"""
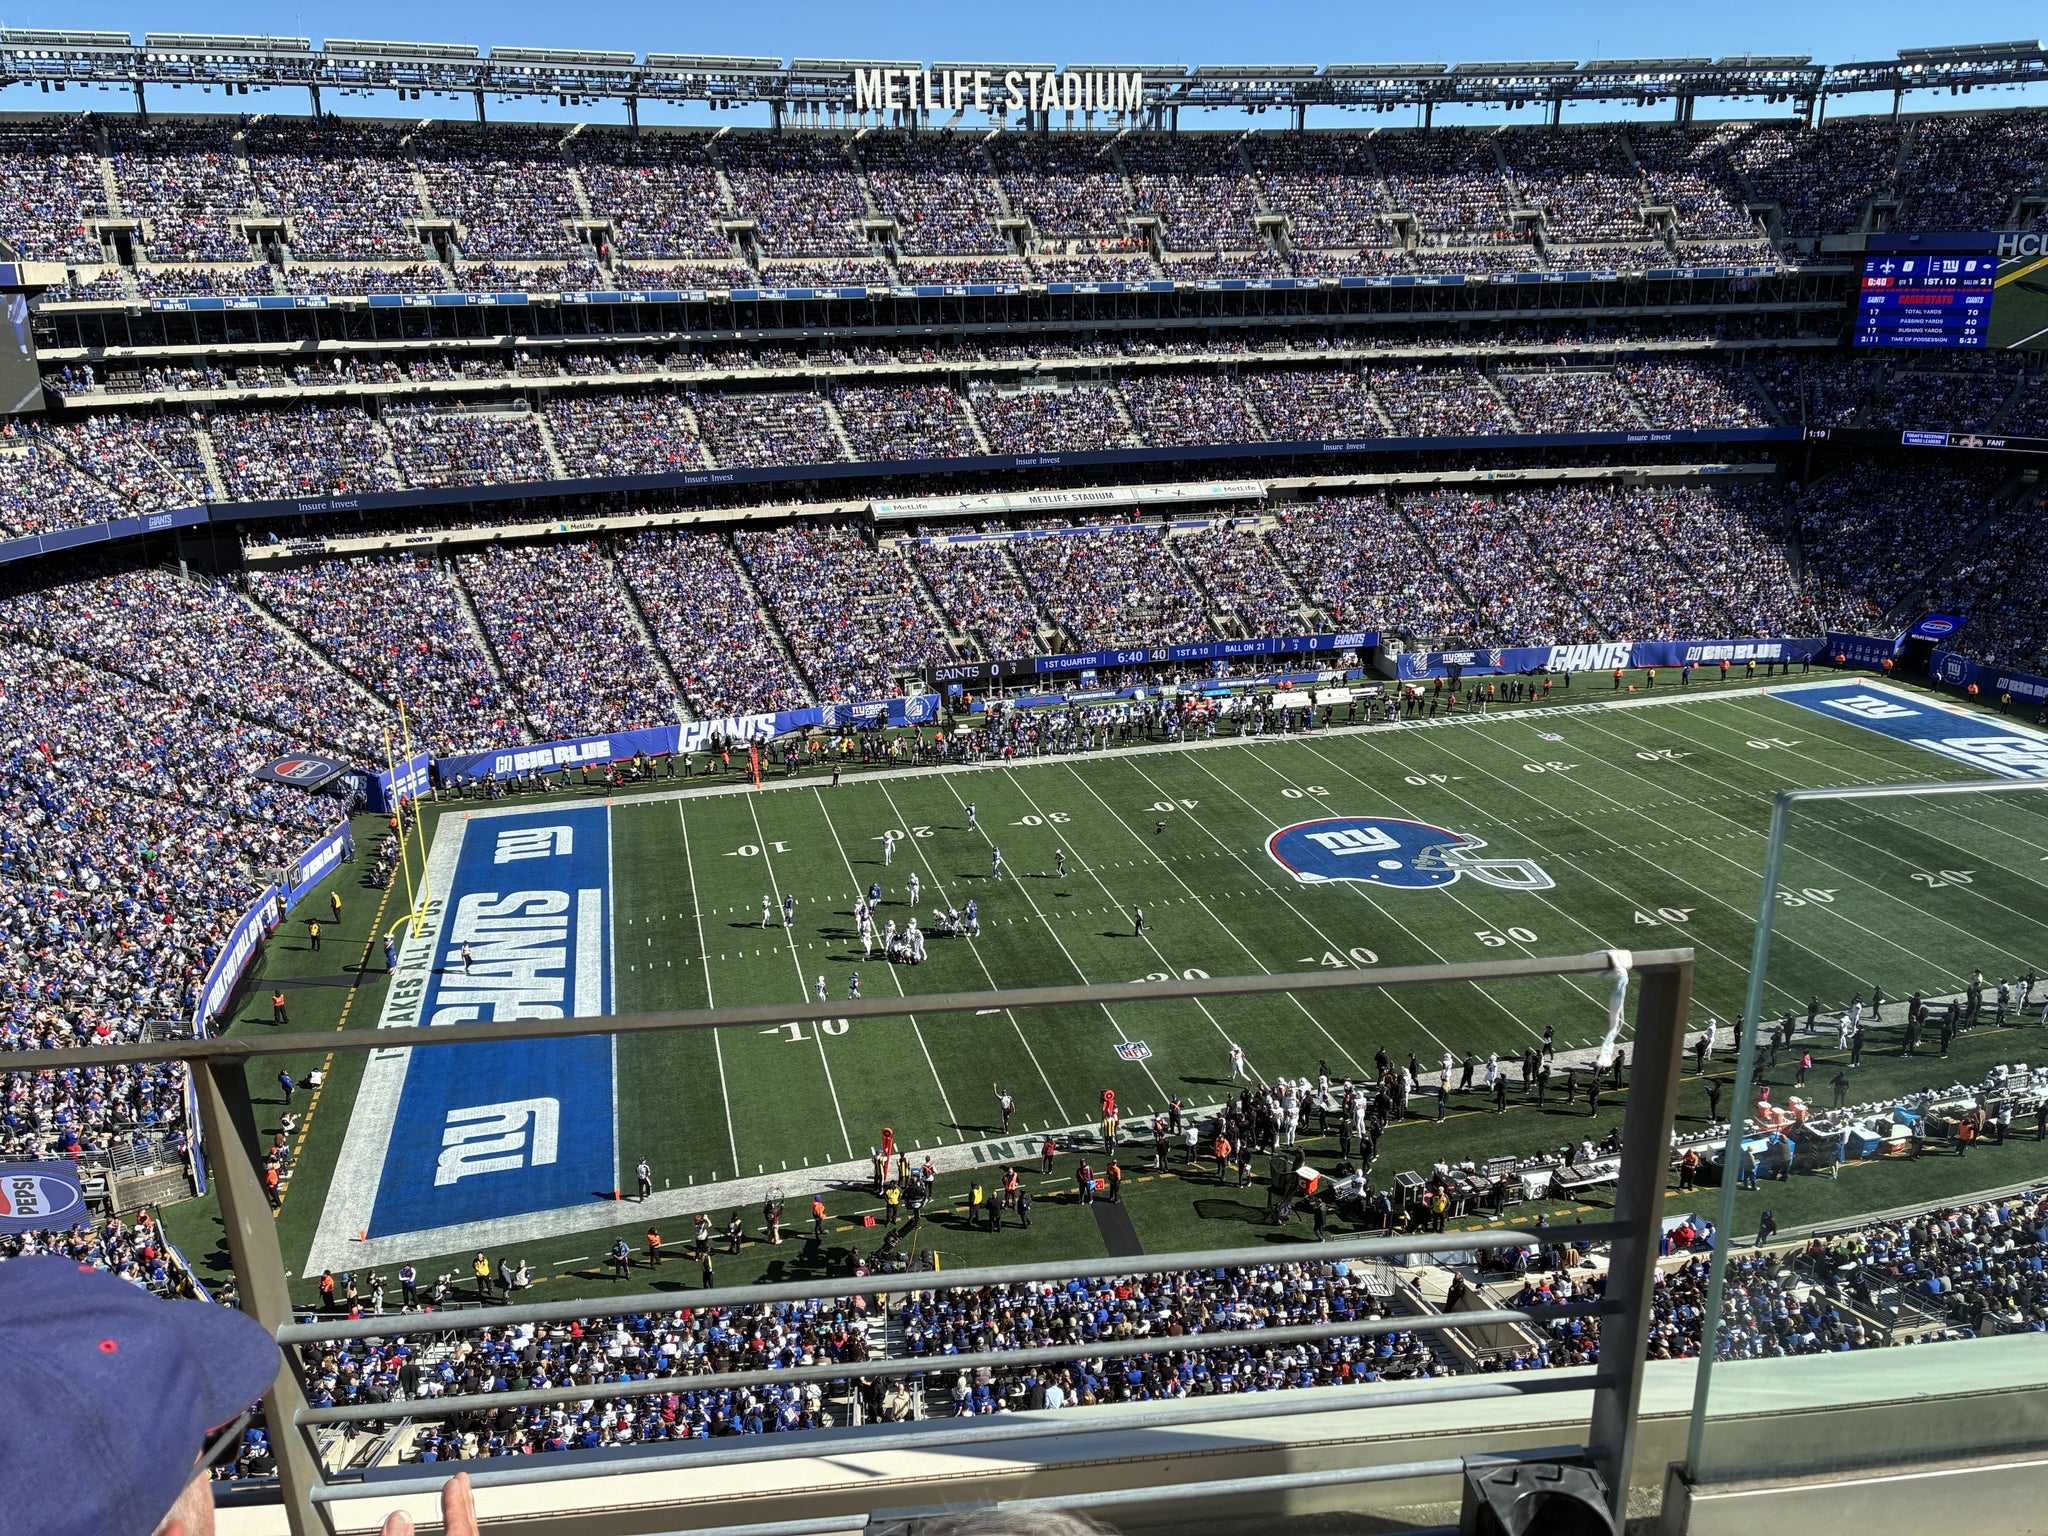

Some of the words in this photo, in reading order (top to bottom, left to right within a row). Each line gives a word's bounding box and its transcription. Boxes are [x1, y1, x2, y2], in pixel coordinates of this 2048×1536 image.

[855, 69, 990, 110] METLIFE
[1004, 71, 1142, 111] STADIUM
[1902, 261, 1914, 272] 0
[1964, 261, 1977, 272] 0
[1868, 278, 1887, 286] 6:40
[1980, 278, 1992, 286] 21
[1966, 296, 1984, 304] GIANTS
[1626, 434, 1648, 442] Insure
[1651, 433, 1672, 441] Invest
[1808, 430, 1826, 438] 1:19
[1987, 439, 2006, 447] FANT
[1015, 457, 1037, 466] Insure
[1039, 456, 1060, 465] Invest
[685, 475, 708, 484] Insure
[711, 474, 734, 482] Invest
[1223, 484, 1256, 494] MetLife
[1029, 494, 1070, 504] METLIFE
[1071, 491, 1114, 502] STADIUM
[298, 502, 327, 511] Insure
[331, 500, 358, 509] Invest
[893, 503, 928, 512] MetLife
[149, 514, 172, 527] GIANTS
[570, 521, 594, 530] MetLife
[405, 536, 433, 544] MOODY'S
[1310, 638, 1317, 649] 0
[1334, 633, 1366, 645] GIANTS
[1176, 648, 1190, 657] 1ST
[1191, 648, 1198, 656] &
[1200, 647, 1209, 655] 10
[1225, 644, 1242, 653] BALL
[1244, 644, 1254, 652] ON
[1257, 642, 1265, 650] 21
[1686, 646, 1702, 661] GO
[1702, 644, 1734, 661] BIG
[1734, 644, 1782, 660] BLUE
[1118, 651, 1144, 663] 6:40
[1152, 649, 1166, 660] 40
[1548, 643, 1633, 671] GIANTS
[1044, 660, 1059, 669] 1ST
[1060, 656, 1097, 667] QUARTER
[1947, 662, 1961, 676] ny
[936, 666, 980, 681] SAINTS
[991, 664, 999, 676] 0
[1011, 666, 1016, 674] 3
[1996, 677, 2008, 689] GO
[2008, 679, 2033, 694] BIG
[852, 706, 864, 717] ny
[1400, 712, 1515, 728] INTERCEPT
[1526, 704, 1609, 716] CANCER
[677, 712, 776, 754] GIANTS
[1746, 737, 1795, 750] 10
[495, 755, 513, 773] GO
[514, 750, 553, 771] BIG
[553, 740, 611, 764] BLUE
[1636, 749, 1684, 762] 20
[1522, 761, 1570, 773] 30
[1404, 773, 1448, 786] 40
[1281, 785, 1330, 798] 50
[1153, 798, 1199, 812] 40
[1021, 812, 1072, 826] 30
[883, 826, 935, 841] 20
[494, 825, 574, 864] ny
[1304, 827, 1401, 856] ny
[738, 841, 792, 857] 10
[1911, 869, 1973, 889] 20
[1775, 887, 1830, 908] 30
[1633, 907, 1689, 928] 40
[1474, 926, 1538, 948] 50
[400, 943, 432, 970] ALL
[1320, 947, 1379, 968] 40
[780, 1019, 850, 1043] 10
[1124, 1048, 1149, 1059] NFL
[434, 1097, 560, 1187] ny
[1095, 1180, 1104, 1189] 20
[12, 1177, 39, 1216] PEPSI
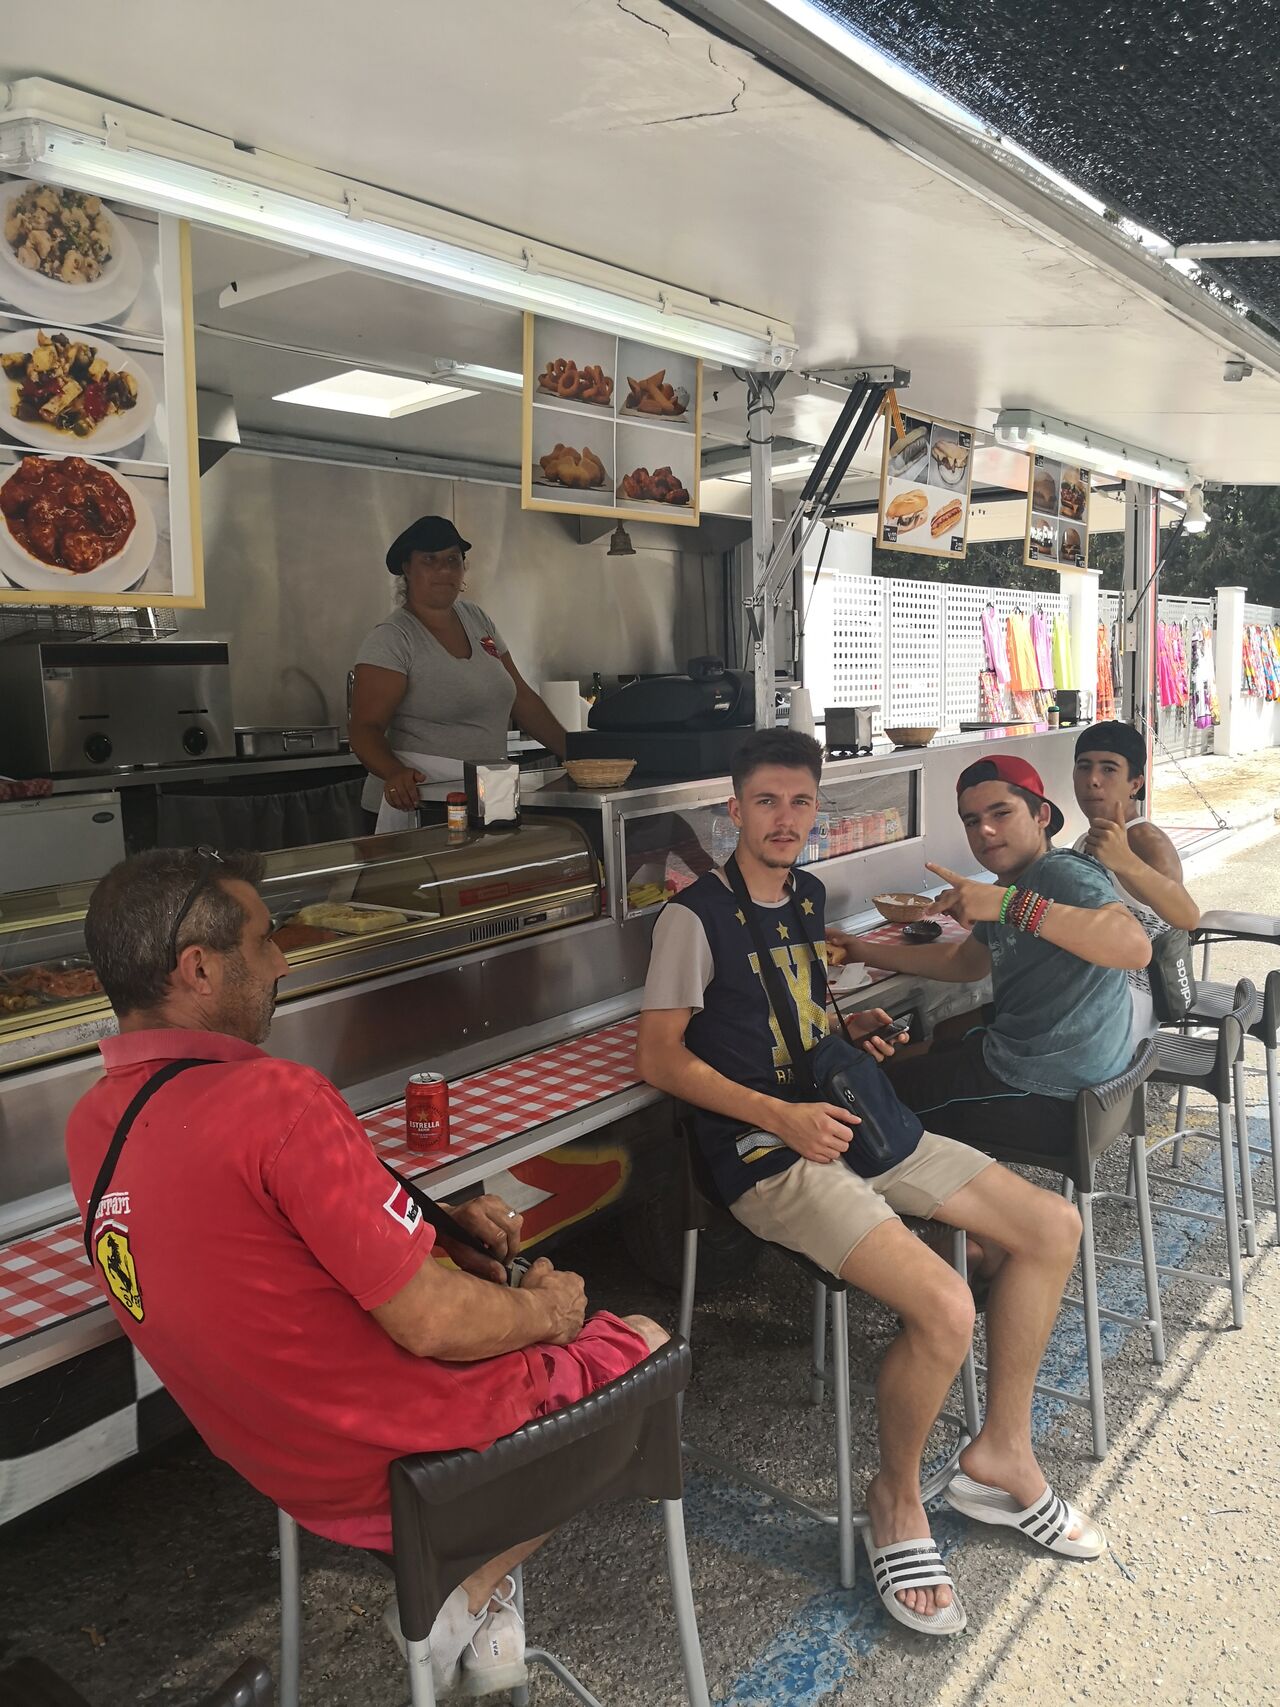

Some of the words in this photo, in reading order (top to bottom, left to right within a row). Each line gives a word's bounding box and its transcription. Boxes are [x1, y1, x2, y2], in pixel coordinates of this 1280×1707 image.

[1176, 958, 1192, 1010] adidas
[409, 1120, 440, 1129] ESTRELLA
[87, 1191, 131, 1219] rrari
"""
• **Task objective**
All of the data above should be transcribed verbatim, with pictures omitted.

• **Solution below**
Some of the words in this photo, in reading order (top to bottom, left to right within a row). Each line gives a word's bounding box and its transcription. Boxes are [x1, y1, x2, y2], in pixel coordinates of this 2048×1536 image.

[855, 69, 990, 110] METLIFE
[1004, 71, 1142, 111] STADIUM
[1902, 261, 1914, 272] 0
[1964, 261, 1977, 272] 0
[1868, 278, 1887, 286] 6:40
[1980, 278, 1992, 286] 21
[1966, 296, 1984, 304] GIANTS
[1626, 434, 1648, 442] Insure
[1651, 433, 1672, 441] Invest
[1808, 430, 1826, 438] 1:19
[1987, 439, 2006, 447] FANT
[1015, 457, 1037, 466] Insure
[1039, 456, 1060, 465] Invest
[685, 475, 708, 484] Insure
[711, 474, 734, 482] Invest
[1223, 484, 1256, 494] MetLife
[1029, 494, 1070, 504] METLIFE
[1071, 491, 1114, 502] STADIUM
[298, 502, 327, 511] Insure
[331, 500, 358, 509] Invest
[893, 503, 928, 512] MetLife
[149, 514, 172, 527] GIANTS
[570, 521, 594, 530] MetLife
[405, 536, 433, 544] MOODY'S
[1310, 638, 1317, 649] 0
[1334, 633, 1366, 645] GIANTS
[1176, 648, 1190, 657] 1ST
[1191, 648, 1198, 656] &
[1200, 647, 1209, 655] 10
[1225, 644, 1242, 653] BALL
[1244, 644, 1254, 652] ON
[1257, 642, 1265, 650] 21
[1686, 646, 1702, 661] GO
[1702, 644, 1734, 661] BIG
[1734, 644, 1782, 660] BLUE
[1118, 651, 1144, 663] 6:40
[1152, 649, 1166, 660] 40
[1548, 643, 1633, 671] GIANTS
[1044, 660, 1059, 669] 1ST
[1060, 656, 1097, 667] QUARTER
[1947, 662, 1961, 676] ny
[936, 666, 980, 681] SAINTS
[991, 664, 999, 676] 0
[1011, 666, 1016, 674] 3
[1996, 677, 2008, 689] GO
[2008, 679, 2033, 694] BIG
[852, 706, 864, 717] ny
[1400, 712, 1515, 728] INTERCEPT
[1526, 704, 1609, 716] CANCER
[677, 712, 776, 754] GIANTS
[1746, 737, 1795, 750] 10
[495, 755, 513, 773] GO
[514, 750, 553, 771] BIG
[553, 740, 611, 764] BLUE
[1636, 749, 1684, 762] 20
[1522, 761, 1570, 773] 30
[1404, 773, 1448, 786] 40
[1281, 785, 1330, 798] 50
[1153, 798, 1199, 812] 40
[1021, 812, 1072, 826] 30
[883, 826, 935, 841] 20
[494, 825, 574, 864] ny
[1304, 827, 1401, 856] ny
[738, 841, 792, 857] 10
[1911, 869, 1973, 889] 20
[1775, 887, 1830, 908] 30
[1633, 907, 1689, 928] 40
[1474, 926, 1538, 948] 50
[400, 943, 432, 970] ALL
[1320, 947, 1379, 968] 40
[780, 1019, 850, 1043] 10
[1124, 1048, 1149, 1059] NFL
[434, 1097, 560, 1187] ny
[1095, 1180, 1104, 1189] 20
[12, 1177, 39, 1216] PEPSI

Some of the words in this photo, in reading order (top to bottom, left to right within a row). Each line gives a word's bounding box and its transcription. Boxes are [x1, y1, x2, y2], in pixel coordinates of this 1280×1707 image.

[1176, 958, 1192, 1010] adidas
[409, 1120, 440, 1129] ESTRELLA
[87, 1191, 131, 1219] rrari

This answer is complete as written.